I started on a full dose but it made me feel really weird. A half pill every morning has helped a lot. The fatigue doesn't hit so quickly and I feel like my thought processes are clearer. made a big difference for me.

I feel it too

I call this type of fatigue my "zombie" fatigue. I am so exhausted I don't have the energy to care about anything. I am usually stuck in my recliner all day. The times I do get up and am walking, I feel like I am stumbling around. I am usually able to recover after a day, but this last time it took a few days before I was functioning more normal.

My feeling is that of a collar made of lead gets put on my shoulders along with dizziness.

Blob.
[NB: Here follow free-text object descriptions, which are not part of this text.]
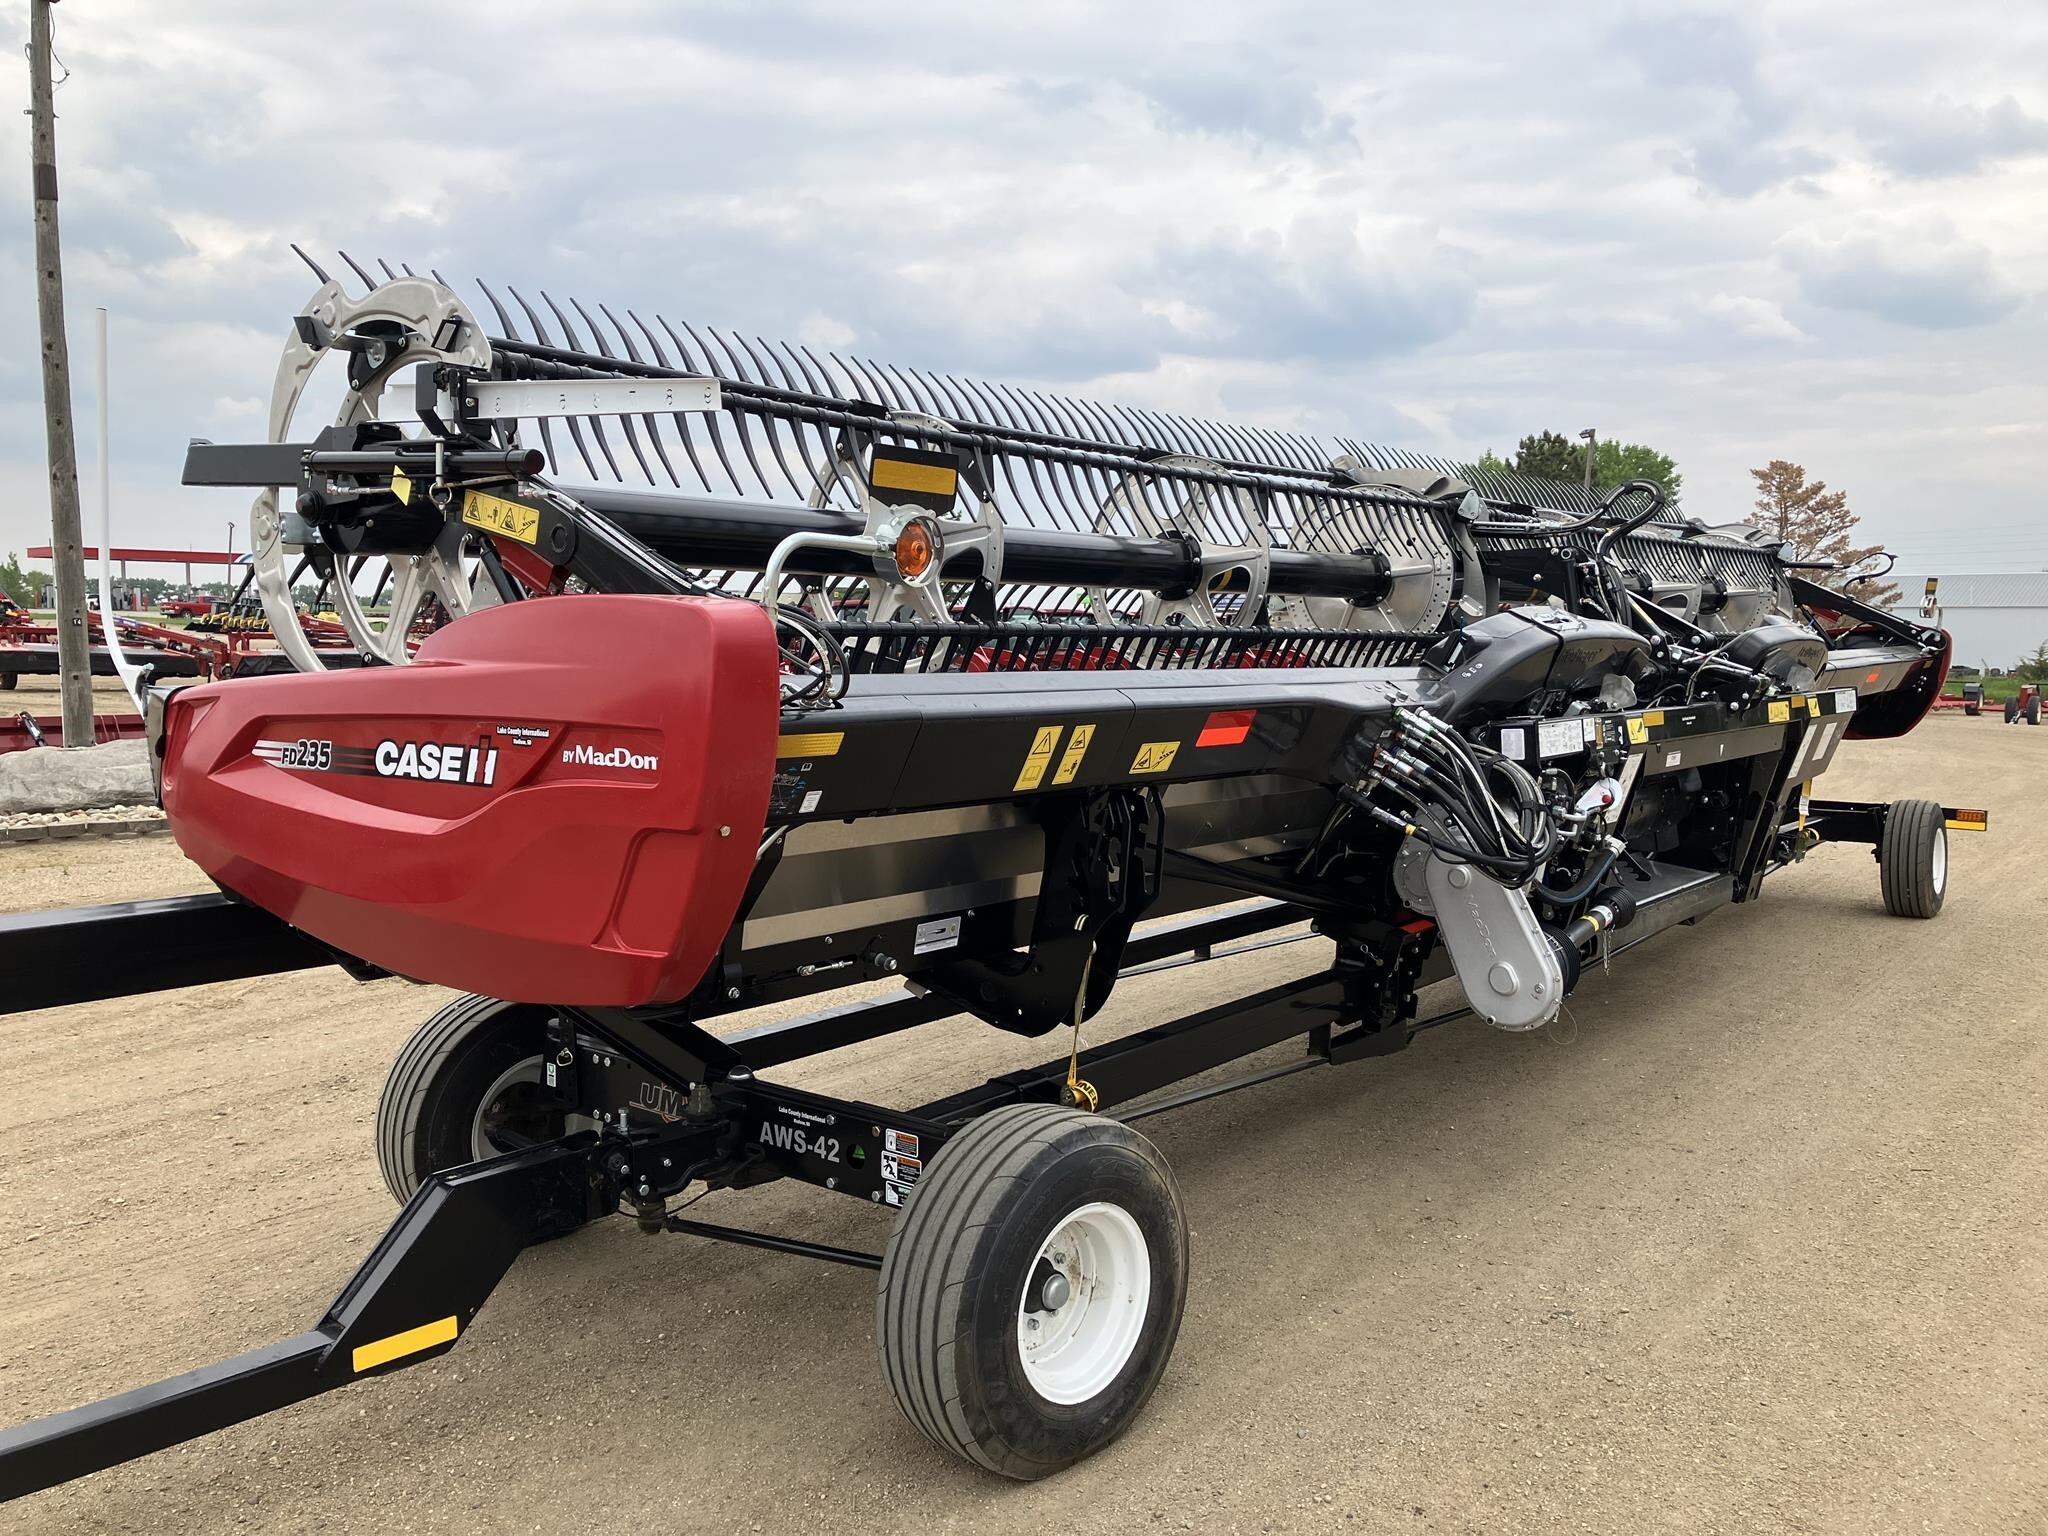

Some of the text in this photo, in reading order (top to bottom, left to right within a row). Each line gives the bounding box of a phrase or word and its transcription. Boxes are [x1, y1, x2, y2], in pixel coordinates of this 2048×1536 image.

[281, 739, 333, 771] FD235
[374, 740, 464, 781] CASE
[562, 744, 659, 771] BY MacDon
[759, 1121, 841, 1164] AWS-42
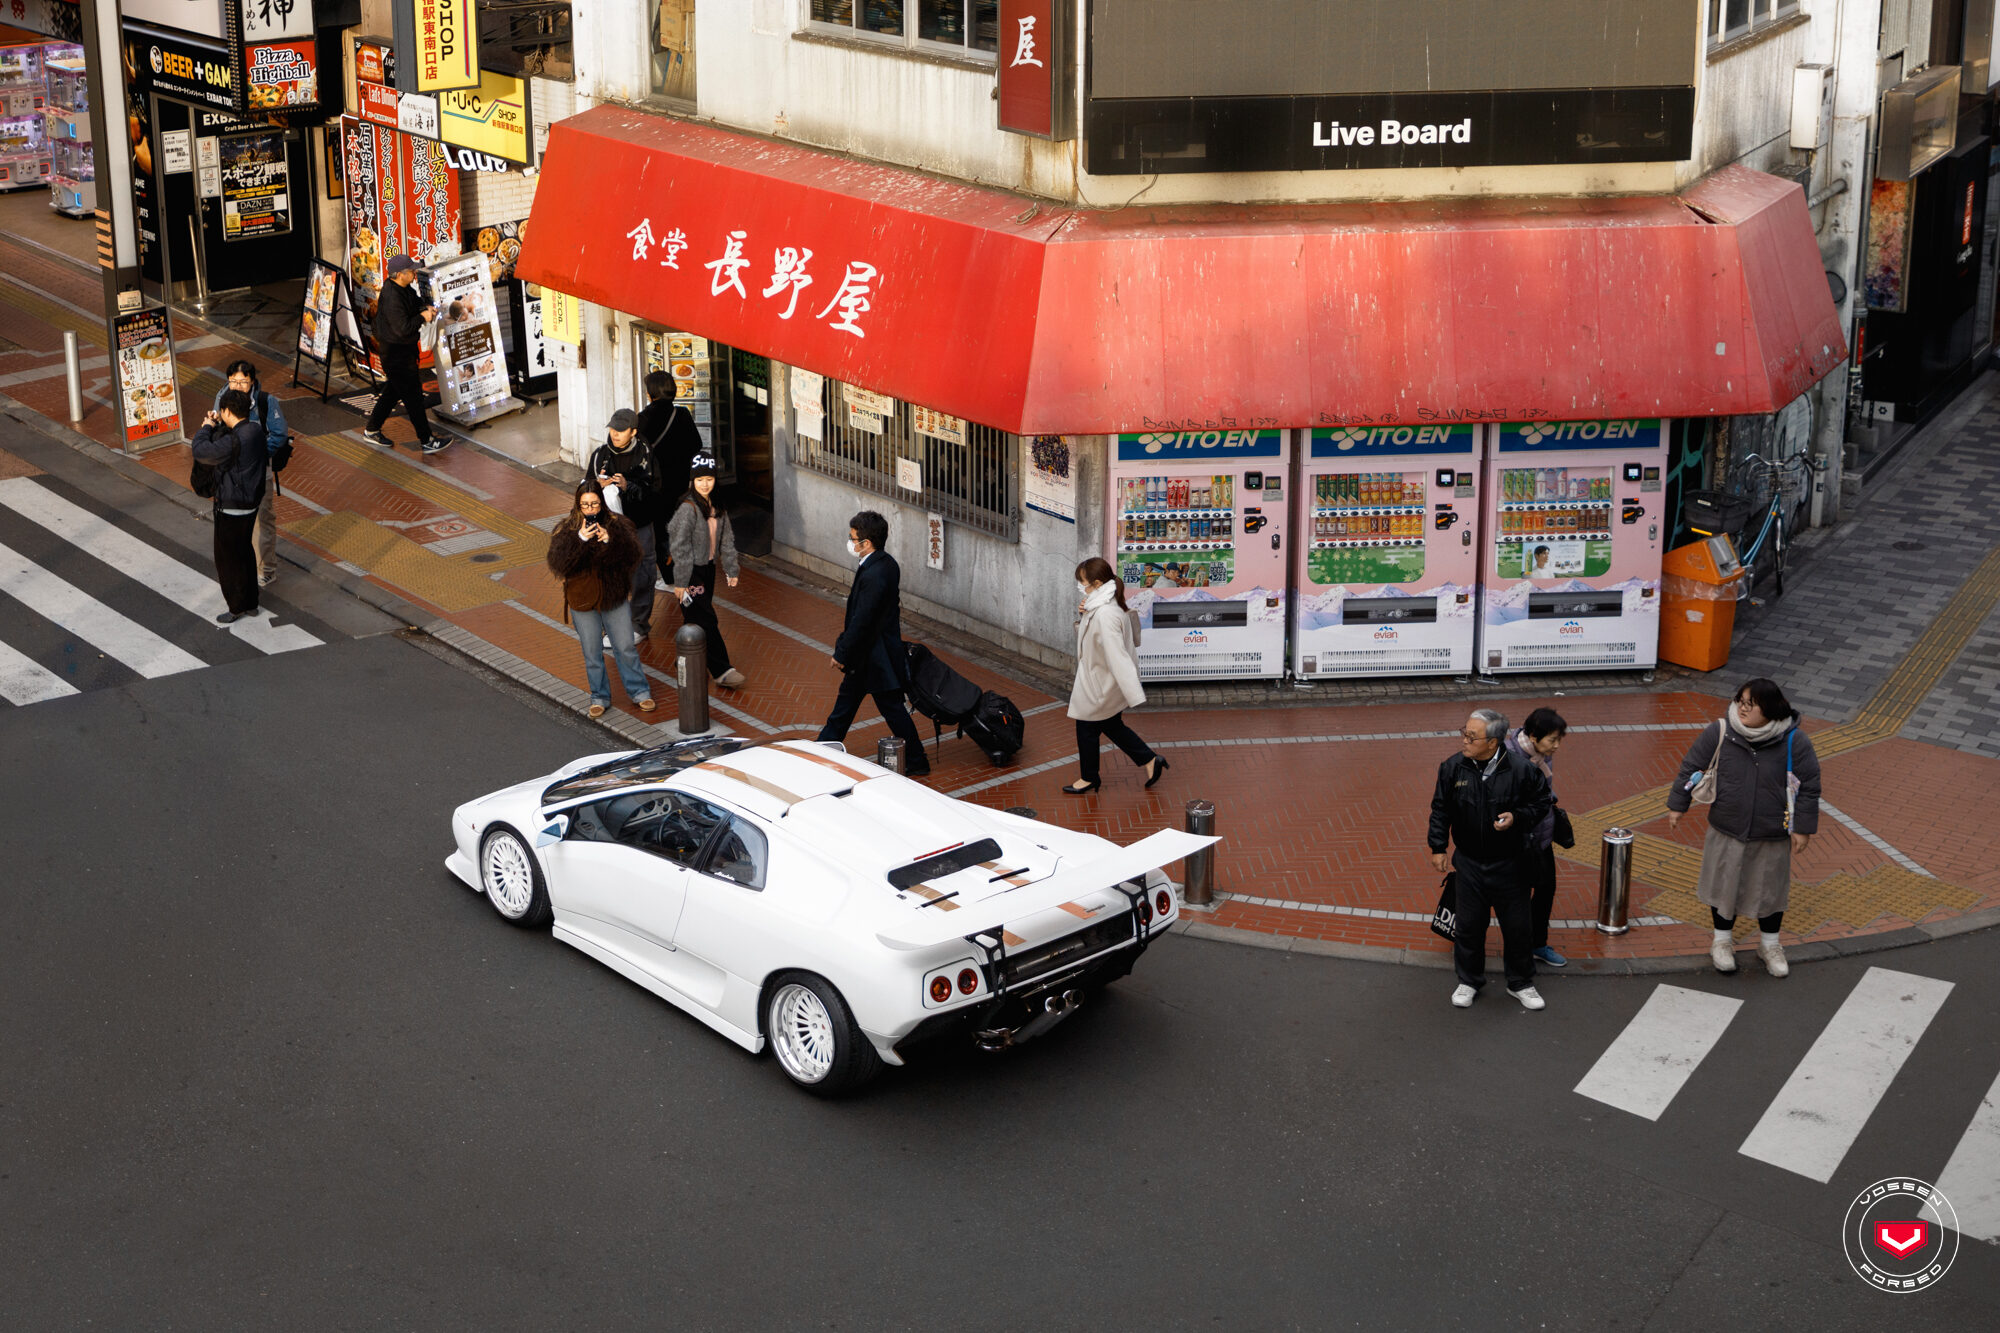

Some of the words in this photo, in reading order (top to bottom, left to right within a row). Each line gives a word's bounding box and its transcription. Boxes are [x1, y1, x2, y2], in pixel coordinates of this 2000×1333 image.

[1009, 15, 1043, 69] 屋
[254, 47, 294, 66] Pizza
[250, 62, 311, 85] Highball
[498, 109, 516, 122] SHOP
[1313, 121, 1375, 147] Live
[1381, 118, 1472, 145] Board
[347, 129, 364, 236] 本格ピザ
[240, 200, 262, 210] DAZN
[446, 276, 476, 291] Princess
[626, 217, 688, 270] 食堂
[703, 230, 877, 338] 長野屋
[1174, 430, 1221, 449] ITO
[1222, 429, 1260, 448] EN
[1366, 427, 1414, 446] ITO
[1415, 426, 1452, 444] EN
[1555, 421, 1602, 440] ITO
[1603, 420, 1640, 439] EN
[1183, 635, 1208, 643] evian
[1373, 631, 1398, 639] evian
[1559, 625, 1584, 634] evian
[1433, 921, 1450, 934] FARM
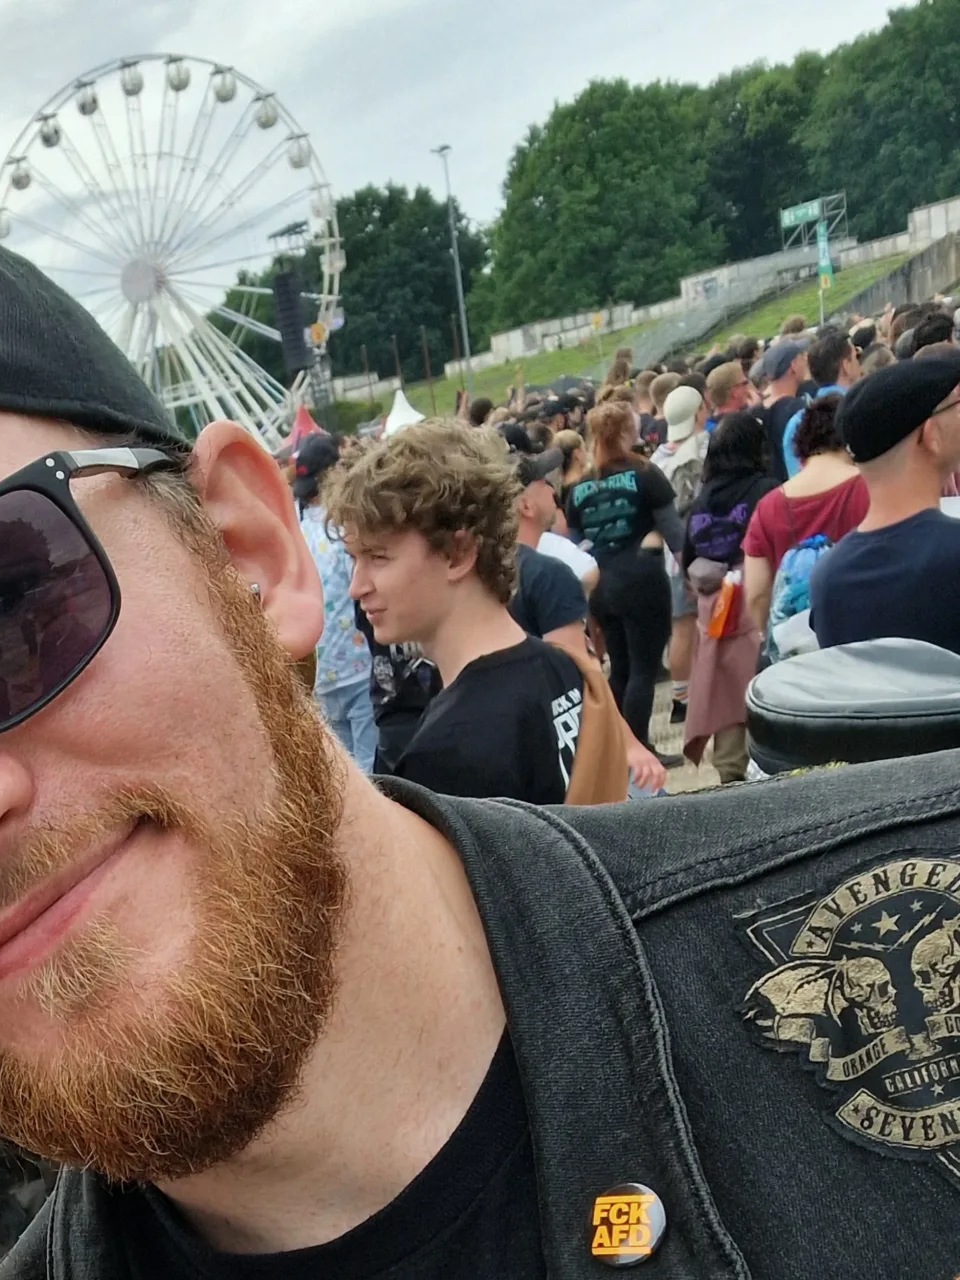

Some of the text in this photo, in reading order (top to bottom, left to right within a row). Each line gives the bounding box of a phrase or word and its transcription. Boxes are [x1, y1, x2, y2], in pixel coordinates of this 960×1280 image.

[843, 1037, 889, 1079] ORANGE
[860, 1106, 960, 1142] SEVEN
[592, 1202, 651, 1225] FCK
[591, 1225, 651, 1247] AFD
Just a blob.

That's a good way to put it- "don't know, don't care". My grandma used to wear a sweatshirt that said that, i wish I had it still to wear .
To think and to feel would be like asking a mouse to lift my couch.
We ARE strong tho and we DO care!

I too feel as though i dot have energy to do anything , i get fatigued fast when i do , do stuff and it dont have to be alot that i do. i find myself wanting to sit around alot because i do not have energy to do much.

My husband and kids dont understand , i keep reminding them i am on disability for a reason. I do not like making that my excuse but i am out of work for a reason not because i want to be but because i know its not safe and my doctor feels the same way.

My fatigue lasts days:-(

I can do a couple hours work. what I consider light but when I stop look out. I do some light work for 2 or 3 hours then I sleep for 2 days. When I wake up the next morning I feel like I have the flu without fever and then by the second day I start to feel better but its really the 3rd day that im back to my normal fatigue. Takes a lot to do stuff but it has to get done. One time I tried to walk 1/2 mile out then 1/2 mile back, almost didn't make it back. was 1/2 way home and could have fallen into coma on side of street.

If I do more then lay in bed I get so tired so easily. I think for me that's the worst part of MS. I used to teach hanggliding which is running up and down a 150 ft hill with a 50 lb glider, Now I cant even push mow my yard :-(( I would not wish this on anyone.

yes

the best way that I have described my MS fatigue to my family is, if I have pushed past/through my limits and I was sitting in a chair and was thirsty and a glass of water was out of reach...I would remain thirsty. They then understood, not tired, it just is literally not worth the effort to move. Awful.

Currently, my latest round of steroids has helped considerably with this (and other) symptoms.

Walking through a poll of molasses

I have begun to visualize my fatigue as walking thru a swimming pool filled with molasses. Each step takes so much effort, and it takes so much energy to push forward. I do it because I have to get to the end of the pool; there is always something at the end that I need: my bed, food, water, go to work, etc.
I do it, but it's so hard! And doing this each day is wearing me out.